Meiosis involves two divisions of the cell. These two divisions are termed meiosis I and meiosis II. As
with mitosis, the cell is said to be in interphase when it is not dividing. During interphase the DNA
content of the cell doubles and new cell organelles are formed.

MEIOSIS I

Prophase I
* The chromosomes condense and are seen to have split into two chromatids.
* As in prophase of mitosis, the chromosomes shorten and thicken by coiling.
* One of the most important features of prophase I of meiosis is that the paternal and maternal
chromosomes come together in homologous pairs.
* This pairing of the chromosomes is called synapsis.
Each homologous pair of chromosomes is called a bivalent.
So a bivalent consists of four strands : two chromosomes each splitting into two chromatids.
* As the chromosomes pair up, they shorten and twist around each other. This causes a tension, and
sections of chromatid may break off and exchange with corresponding sections of a different chromatid.
The points where this exchange of chromatid material occurs are called chiasmata (sing. chiasma). This
swapping of chromatid material is called crossing-over.
* Towards the end of prophase I, the nucleolus disappears and the nuclear envelope breaks down.
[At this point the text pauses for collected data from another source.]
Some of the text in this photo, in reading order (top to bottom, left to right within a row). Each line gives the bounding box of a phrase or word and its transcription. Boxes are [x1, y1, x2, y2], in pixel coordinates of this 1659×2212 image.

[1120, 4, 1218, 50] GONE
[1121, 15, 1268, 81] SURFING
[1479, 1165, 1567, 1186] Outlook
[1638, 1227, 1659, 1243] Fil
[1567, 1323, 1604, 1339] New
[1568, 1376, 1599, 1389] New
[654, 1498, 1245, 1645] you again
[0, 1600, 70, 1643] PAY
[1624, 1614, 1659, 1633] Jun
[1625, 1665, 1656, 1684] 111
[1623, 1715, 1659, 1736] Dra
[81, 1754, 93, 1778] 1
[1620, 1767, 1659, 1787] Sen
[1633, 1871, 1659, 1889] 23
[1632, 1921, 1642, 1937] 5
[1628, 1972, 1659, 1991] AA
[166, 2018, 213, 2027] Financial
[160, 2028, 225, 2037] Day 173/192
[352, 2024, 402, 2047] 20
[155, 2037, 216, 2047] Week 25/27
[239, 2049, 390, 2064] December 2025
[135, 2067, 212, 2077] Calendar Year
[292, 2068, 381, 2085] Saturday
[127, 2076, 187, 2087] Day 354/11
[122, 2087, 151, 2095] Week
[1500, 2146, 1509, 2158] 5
Prophase I is the longest and most complex stage in meiosis.


The key events are:
* the pairing of homologous chromosomes (bivalents)
* the exchange of chromatid material at chiasmata (crossing over)

Metaphase I
* At the start of metaphase I, the spindle will have formed.
* As in mitosis, the chromosomes assemble on the equator of the spindle.

How does the arrangement of chromosomes differ from that at metaphase of mitosis?
The key difference in meiosis metaphase I is that the chromosomes are joined in homologous pairs
(bivalents).
Anaphase I
* At anaphase I the chromosomes in each bivalent separate. (In mitosis, the chromatids separate)
* As a result of anaphase I, each pole receives only one of each homologous pair of chromosomes.
* As in mitosis, the contraction of the spindle fibres pulls the homologous chromosomes apart.
Each pole receives a haploid number of chromosomes.

Telophase I
* The chromosomes reach the opposite poles of the spindle.
* The nuclear envelope forms around each group of haploid chromosomes.
* Usually the chromosomes stay in their condensed form and meiosis II follows on straight away.
* Cytokinesis occurs to produce two haploid cells.
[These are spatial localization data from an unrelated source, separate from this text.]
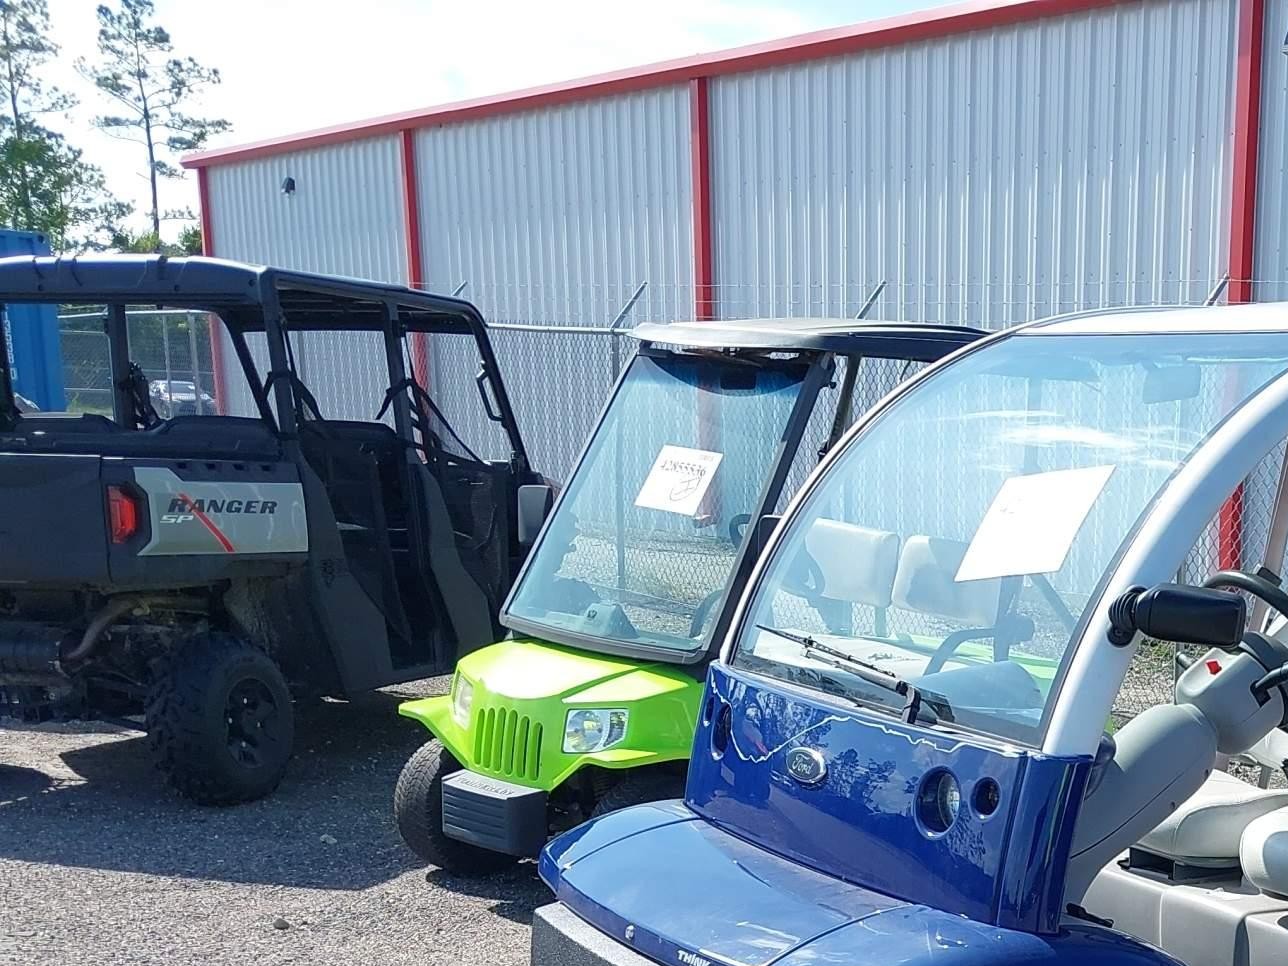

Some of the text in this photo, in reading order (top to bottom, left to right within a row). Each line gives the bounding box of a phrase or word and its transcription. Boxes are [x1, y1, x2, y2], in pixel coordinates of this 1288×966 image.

[167, 498, 278, 514] RANGER
[159, 515, 194, 524] SP
[792, 753, 814, 775] Ford
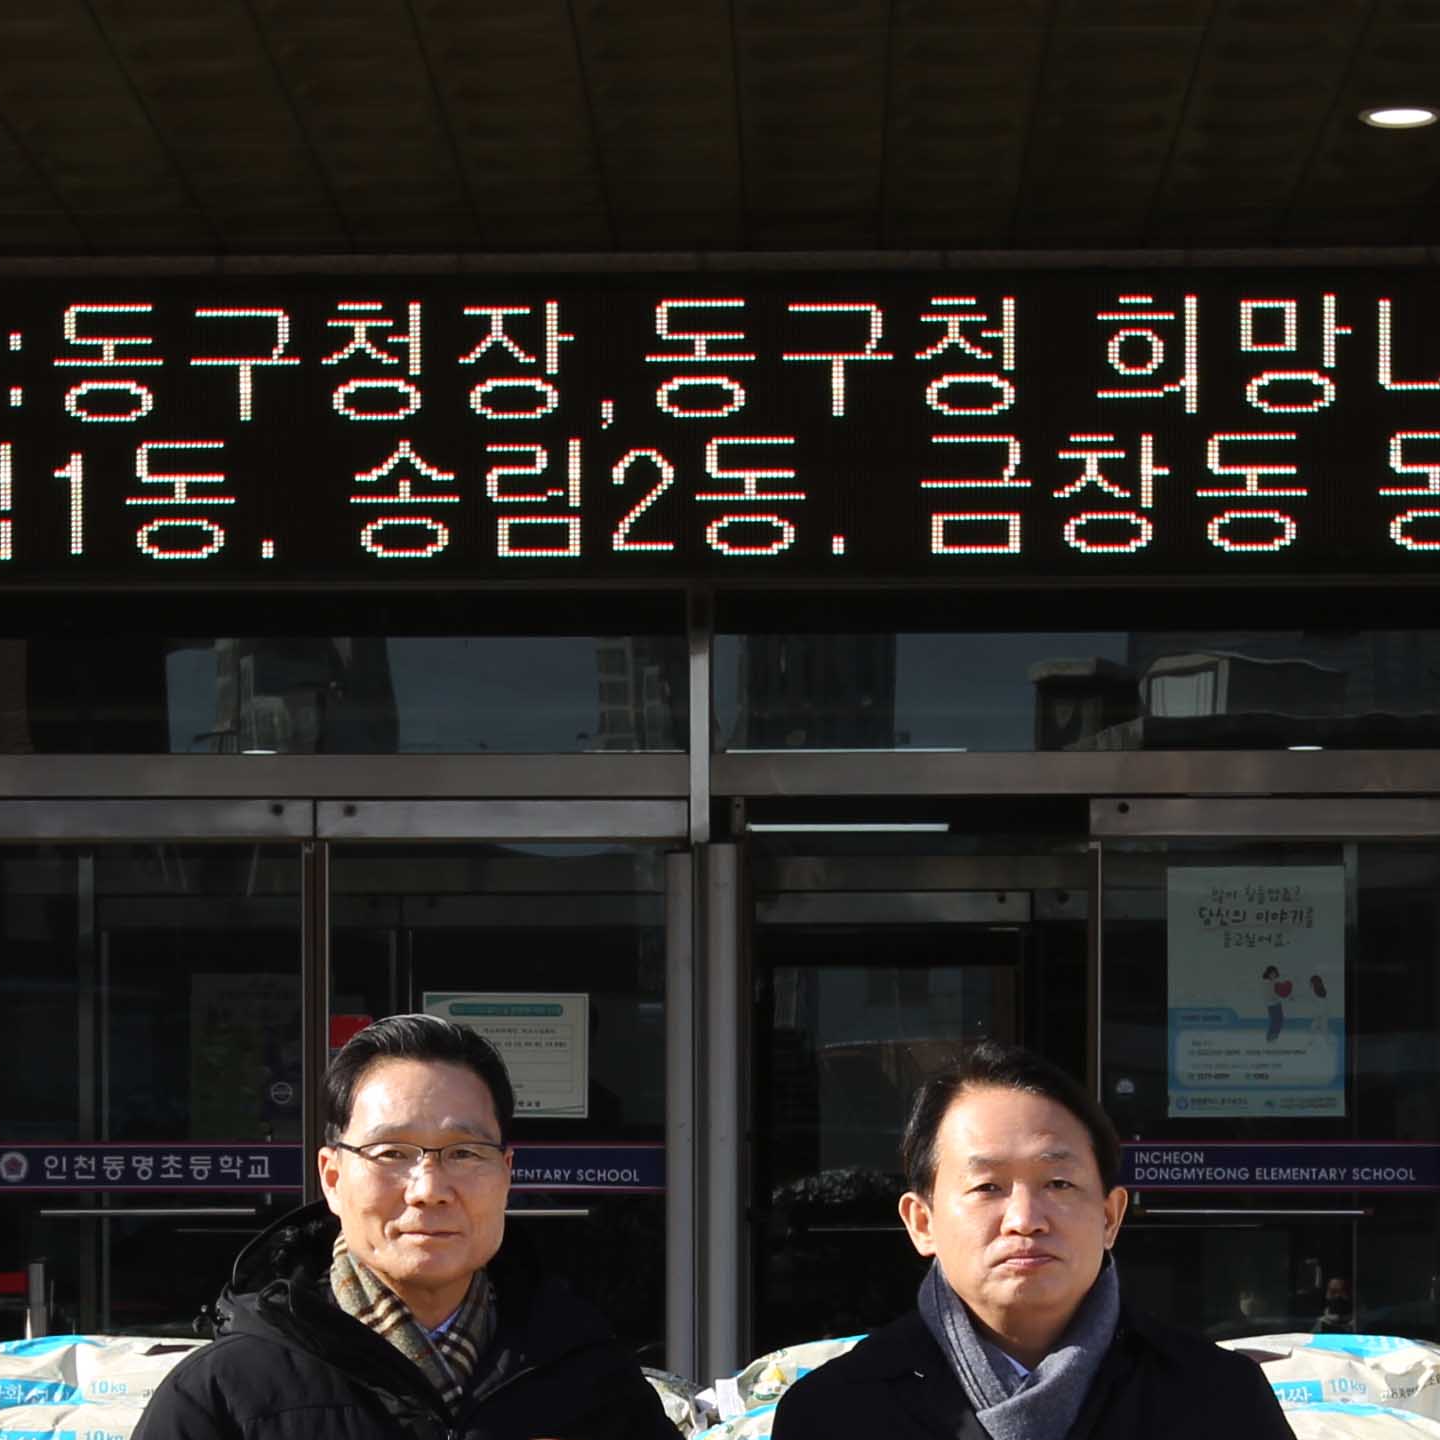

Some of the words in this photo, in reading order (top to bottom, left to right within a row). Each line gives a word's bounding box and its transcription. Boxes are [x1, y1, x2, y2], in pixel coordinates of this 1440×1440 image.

[921, 431, 1308, 555] 금창동
[1134, 1151, 1204, 1165] INCHEON
[44, 1153, 271, 1181] 인천동명초등학교
[1134, 1167, 1249, 1181] DONGMYEONG
[1255, 1167, 1347, 1181] ELEMENTARY
[1352, 1167, 1416, 1181] SCHOOL
[511, 1169, 571, 1181] ENTARY
[576, 1169, 640, 1182] SCHOOL
[91, 1382, 128, 1396] 10kg
[1330, 1379, 1367, 1394] 10kg
What has happened to the number of chromosomes in each cell at the end of meiosis I?

Meiosis II

Prophase II
* The new spindle fibres develop at right angles to the old spindle.

Metaphase II
* The separate chromosomes arrange themselves on the equator of the spindle.
* Each chromosome attaches to a spindle fibre by means of its centromere.

How is this different from the arrangement of chromosomes at metaphase I of meiosis?


Anaphase II
* The centromeres divide.
* The spindle fibres contract to pull the two chromatids to the poles, centromere first.

How is this different from the events that take place at anaphase I of meiosis?

Telophase II
* On reaching the poles, the chromatids lengthen and become indistinct.
* The spindle disappears and nuclear envelope reforms.
* Cytokinesis takes place, resulting in four haploid cells, each with a different genetic make-up.